Üniversiteler başörtüsü yasağının kalkacağı yönünde ciddi bir umut taşıdığını da kaydeden Benli, muhalefetin de bu konunun üzerine eğilmesiyle yasağın kaldırılmaya başlandığını söyledi. "Aslında bu beklediğimiz bir karardı" diyen Benli, "Zeynep ve diğer arkadaşları öğretim görevlilerinin kendilerini dışarı çıkartamayacaklarını biliyorlardı. Ama bunun YÖK tarafından bildirilmesi onlara büyük bir mutluluk verdi" dedi.

Fatma Benli, yaptıkları ilk başvuru ve YÖK'ün bu başvuruya verdiği cevap arasında geçen 5-6 aylık sürede Zeynep'in kısmen okula devam ettiğini ifade ederek, "Sorun yaşamış olduğu öğretim görevlileri olabilir. Onlar içinde müracaat etmişizdir ama genel olarak devam etti. Bu sırada başını açmadı" açıklamasında bulundu.
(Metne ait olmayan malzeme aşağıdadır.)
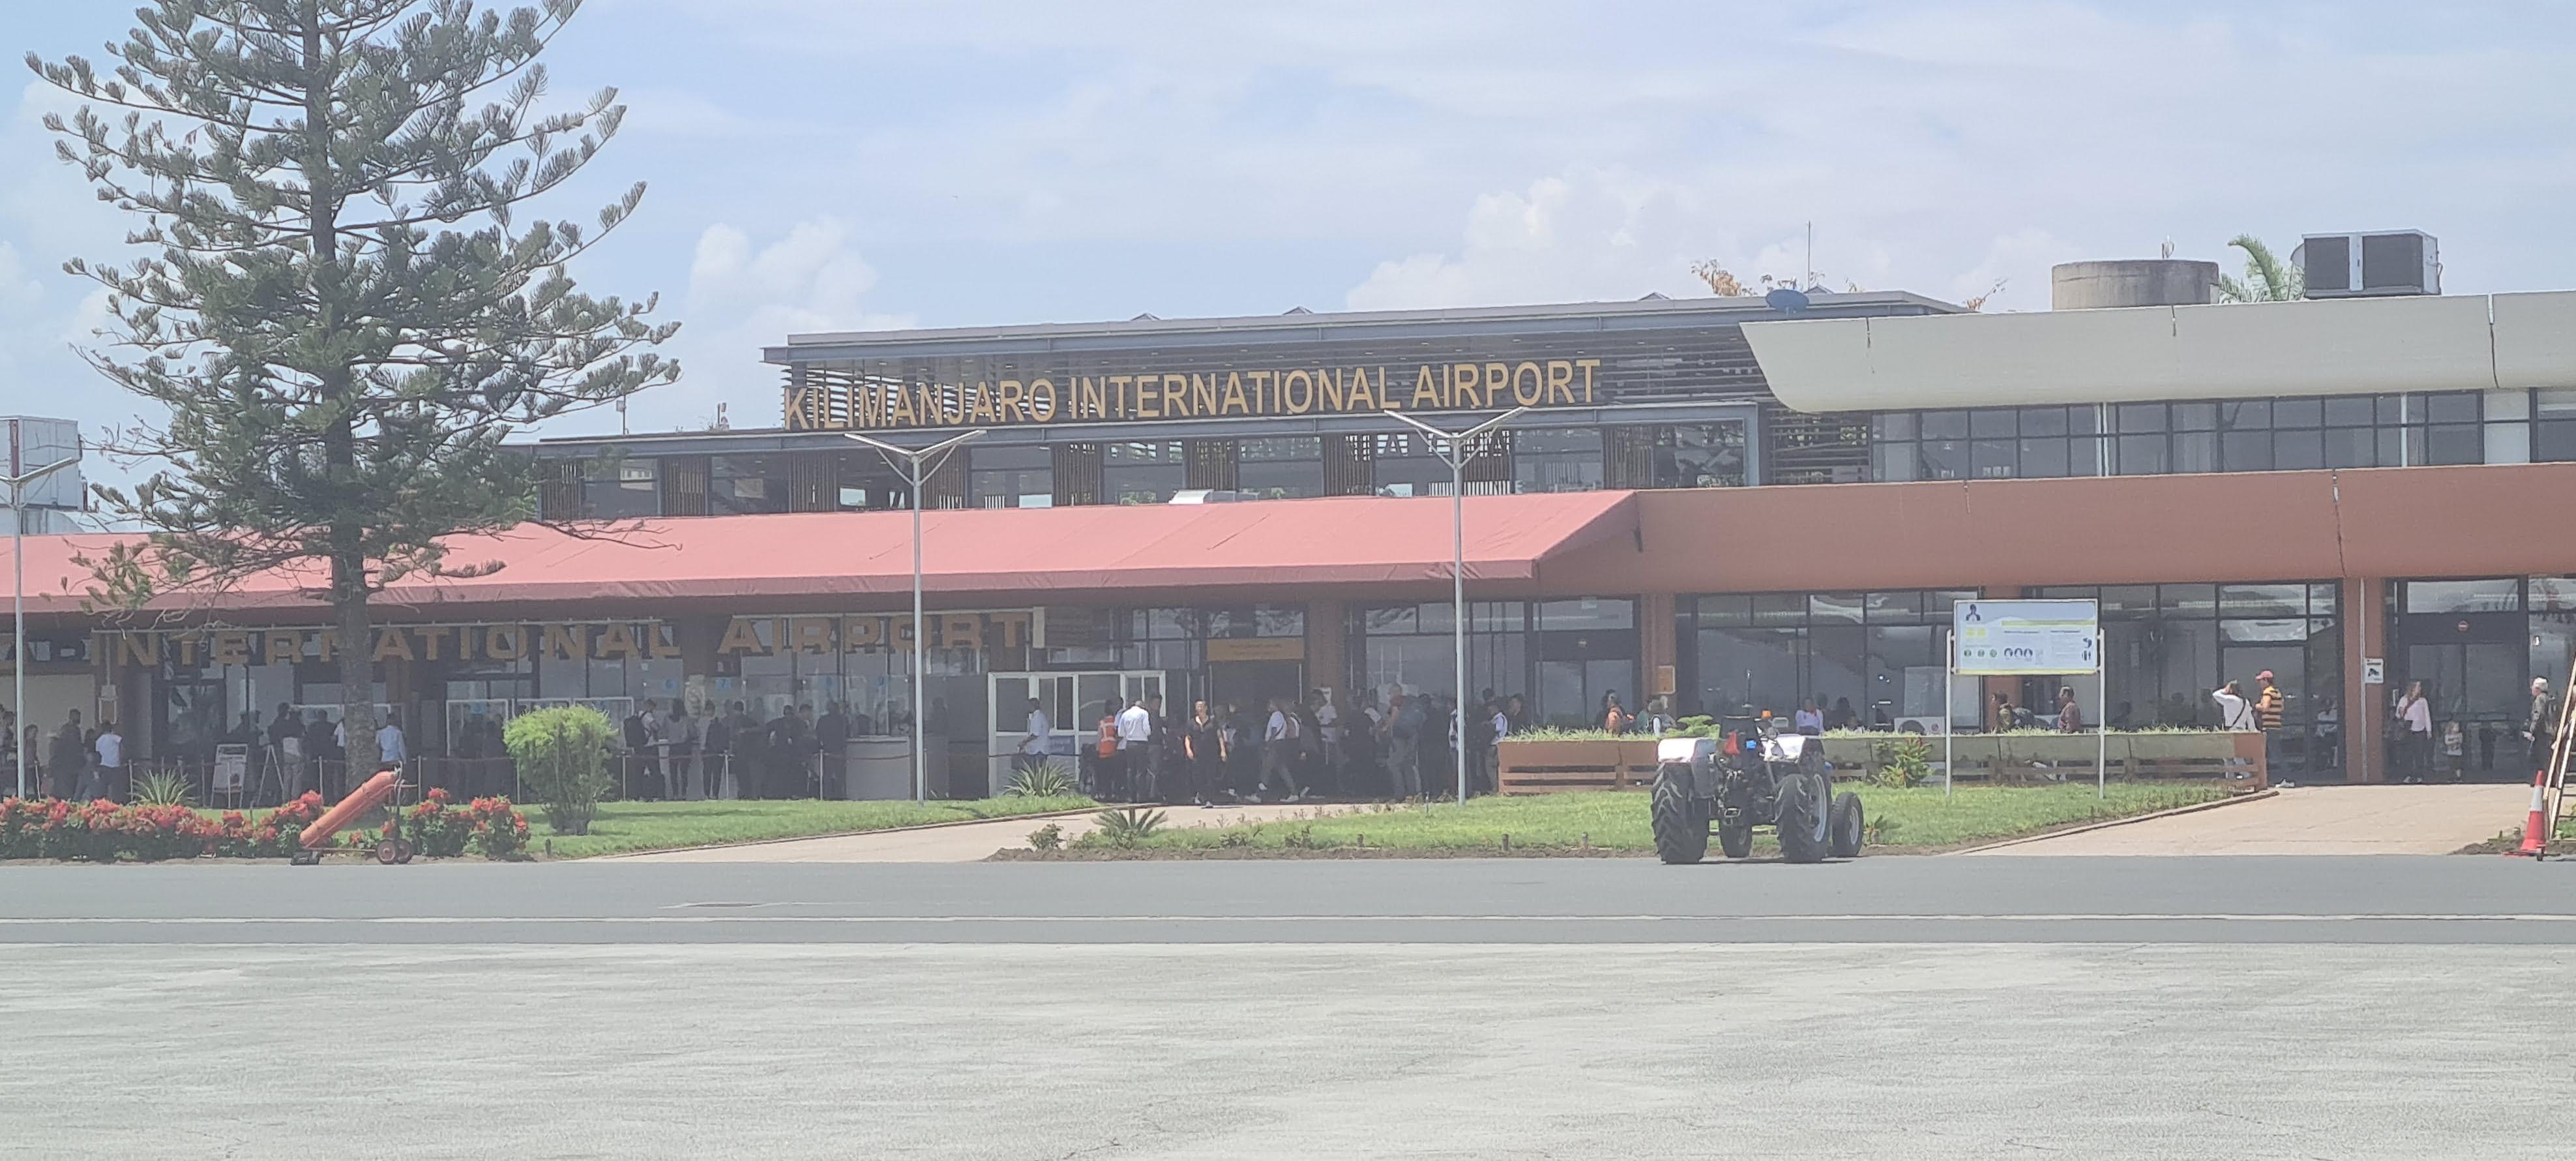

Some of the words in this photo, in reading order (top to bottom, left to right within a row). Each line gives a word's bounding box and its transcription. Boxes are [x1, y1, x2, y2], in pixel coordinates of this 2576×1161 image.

[784, 378, 1056, 430] KILIMANJARO
[1070, 366, 1400, 419] INTERNATIONAL
[1411, 359, 1601, 409] AIRPORT
[717, 611, 1031, 655] AIRPORT
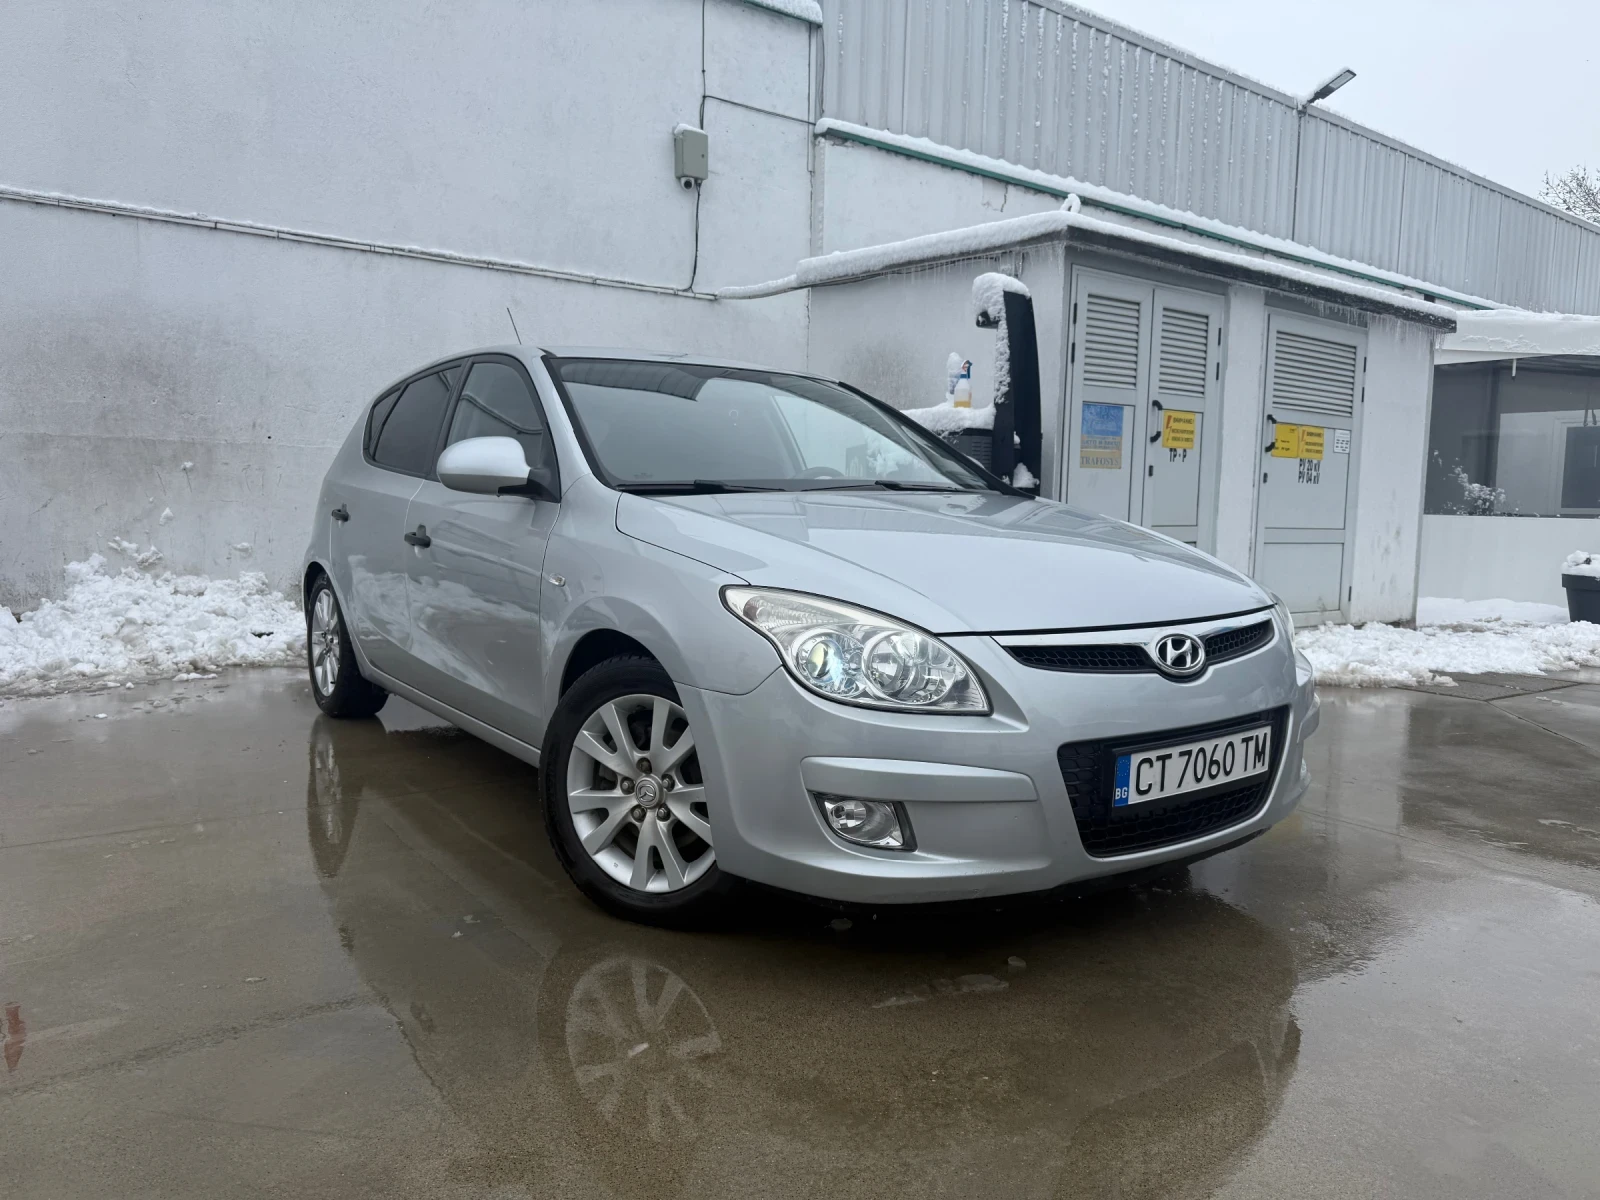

"Engellenmezse okula devam edecek" diyen Benli, YÖK'ün bu yönde daha önce verdiği bir karar olmadığının da altını çizdi. Benli, YÖK ilk defa var olan hukuki durumu kabul etmiş olduğunu belirterek, "Bu karar tek başına bir şeyleri değiştirebilir mi?" sorusuna şöyle karşılık verdi;

"Elbette bu karar neticesinde öğretim görevlileri öğrencilerini derse alabilirler. Bu karar sonrasında rektörler kapıdaki güvenlik görevlilerine talimat vererek yasağın kaldırılmasını sağlayabilirler. Sonuçta başörtüsü yasağı, yeni bir yasa çıktıktan sonra başlayan bir uygulama değildir. Sadece 28 Şubat sürecinde oluşmuş bir şeydir."